Cannabis legalization efforts are back on in Maine after a state judge ruled that Secretary of State Matthew Dunlap (D) had “committed an error of law by applying a vague, subjective and/or unduly burdensome interpretation” of the law regarding petition signatures, the Bangor Daily News reported.
Last month Dunlap blocked the initiative to allow adults to use cannabis recreationally, saying proponents had submitted 51,543 valid signatures – 9,580 short of the 61,123 required to force the measure to appear on ballots in November.

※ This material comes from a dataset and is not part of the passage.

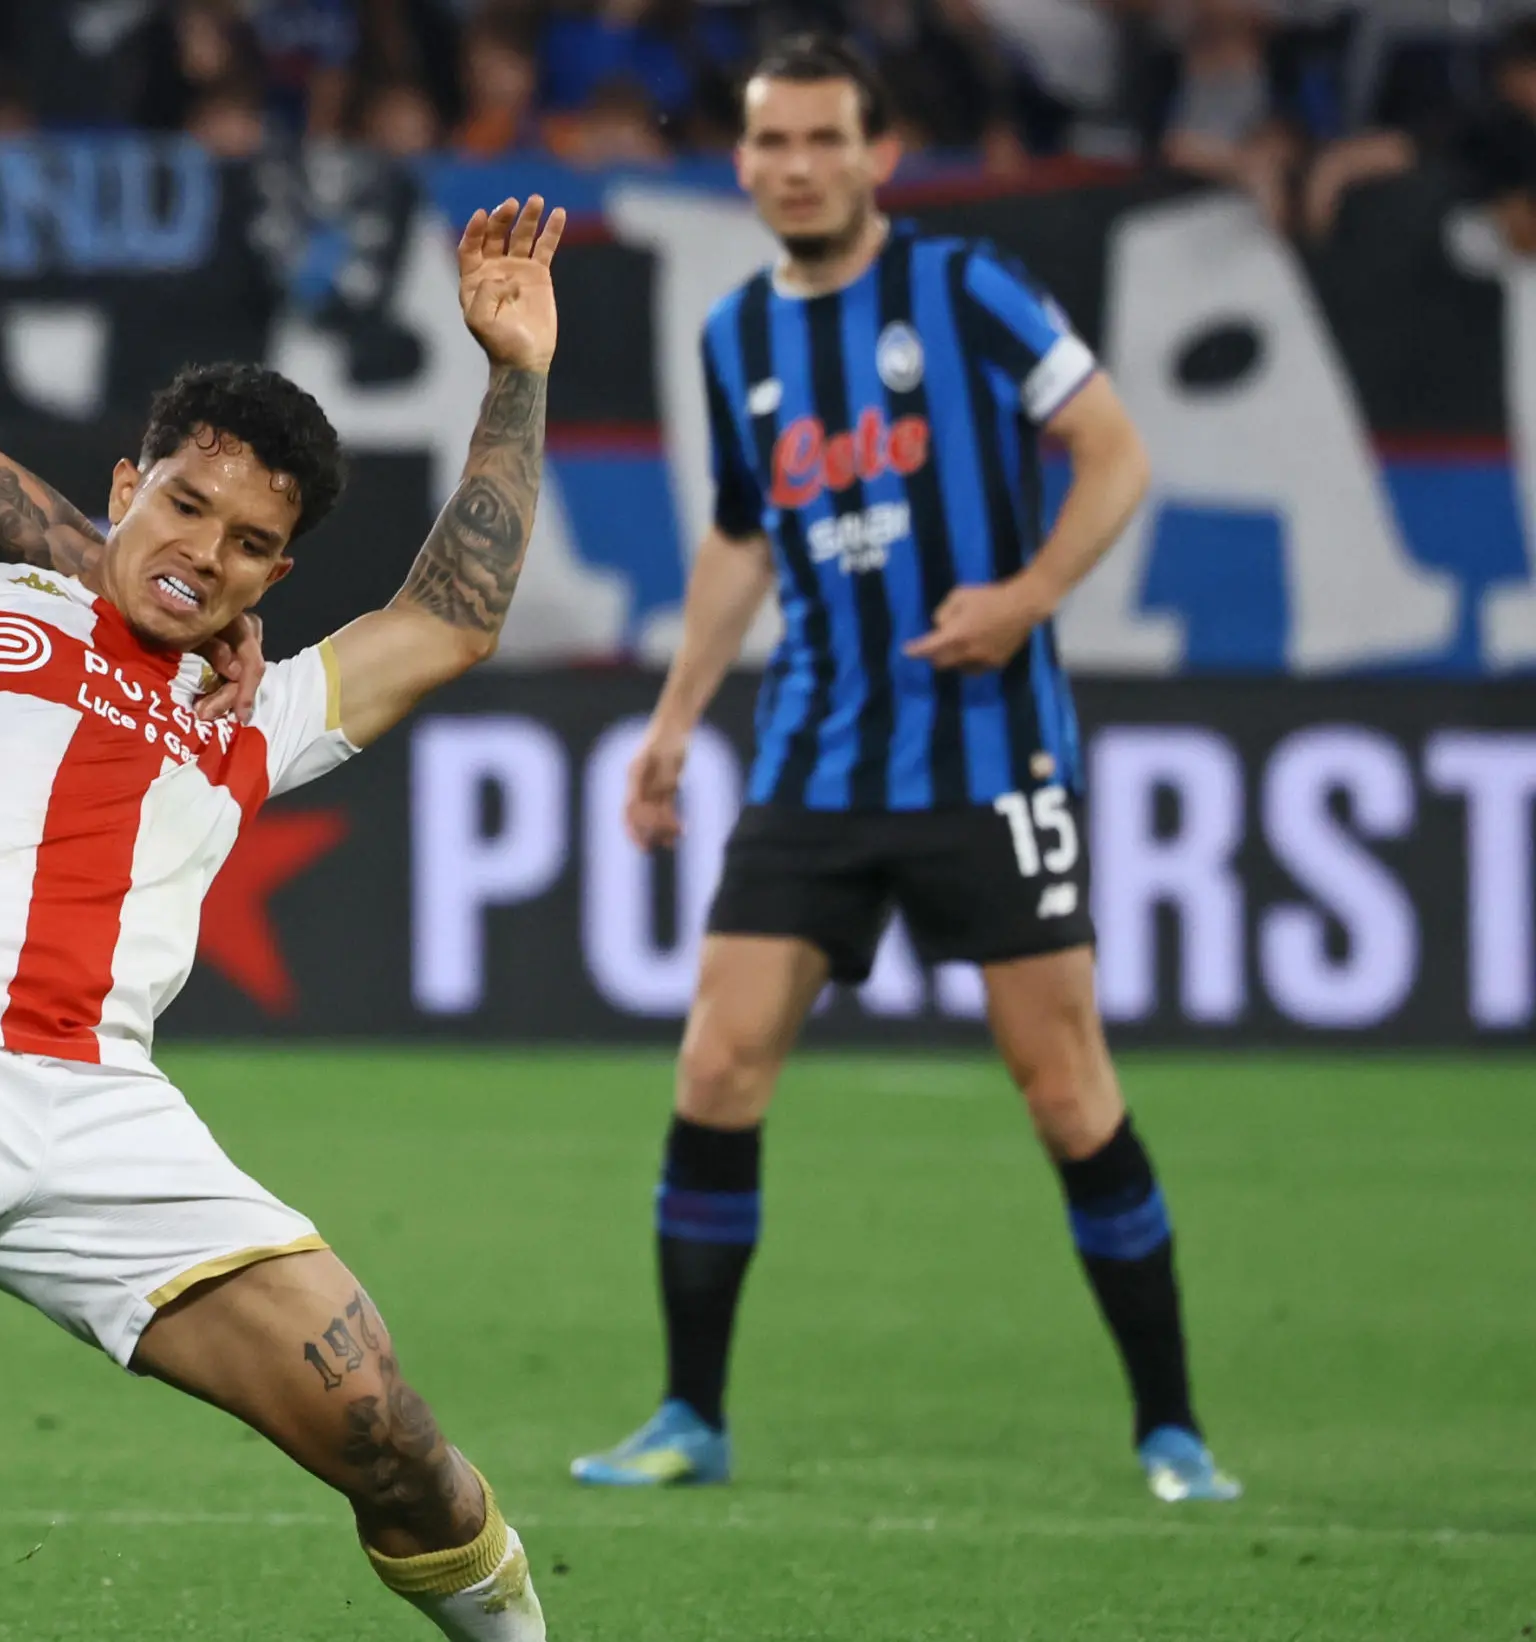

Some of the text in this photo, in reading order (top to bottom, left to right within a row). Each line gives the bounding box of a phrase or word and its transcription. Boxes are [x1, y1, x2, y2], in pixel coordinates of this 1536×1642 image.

[77, 682, 199, 763] Luce e Ga
[993, 784, 1080, 877] 15

“We are extremely pleased with the court’s decision to send our initiative back to the secretary of state for re-review,” David Boyer, manager of the Campaign to Regulate Marijuana Like Alcohol said in a Reason.com report. “As was the case when we submitted our signatures to the secretary of state originally, we know that a sufficient number of registered voters signed the petition to qualify for the ballot. So this re-review should now be a mere formality.”
Dunlap’s office claimed that some signatures were initially rejected due to disparities between the Notary Public Stavros Mendros’ signature and the example they had on file. Mendros told the Portland Press Herald that he had, in fact, notarized the signatures in question.

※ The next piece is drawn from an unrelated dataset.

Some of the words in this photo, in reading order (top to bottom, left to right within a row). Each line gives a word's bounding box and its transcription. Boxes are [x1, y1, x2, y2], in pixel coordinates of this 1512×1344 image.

“While the State of Maine has a compelling interest to ensure that all petitions submitted for consideration in a direct initiative are valid,” Kennebec County Superior Court Justice Michaela Murphy wrote in her decision, “requiring a Notary’s signature to appear identically on every petition signed is unreasonable and abridges the Constitutional right to initiative.”
Arizona, California, Massachusetts, Nevada and Maine are expected to have legalization initiatives on the fall ballot.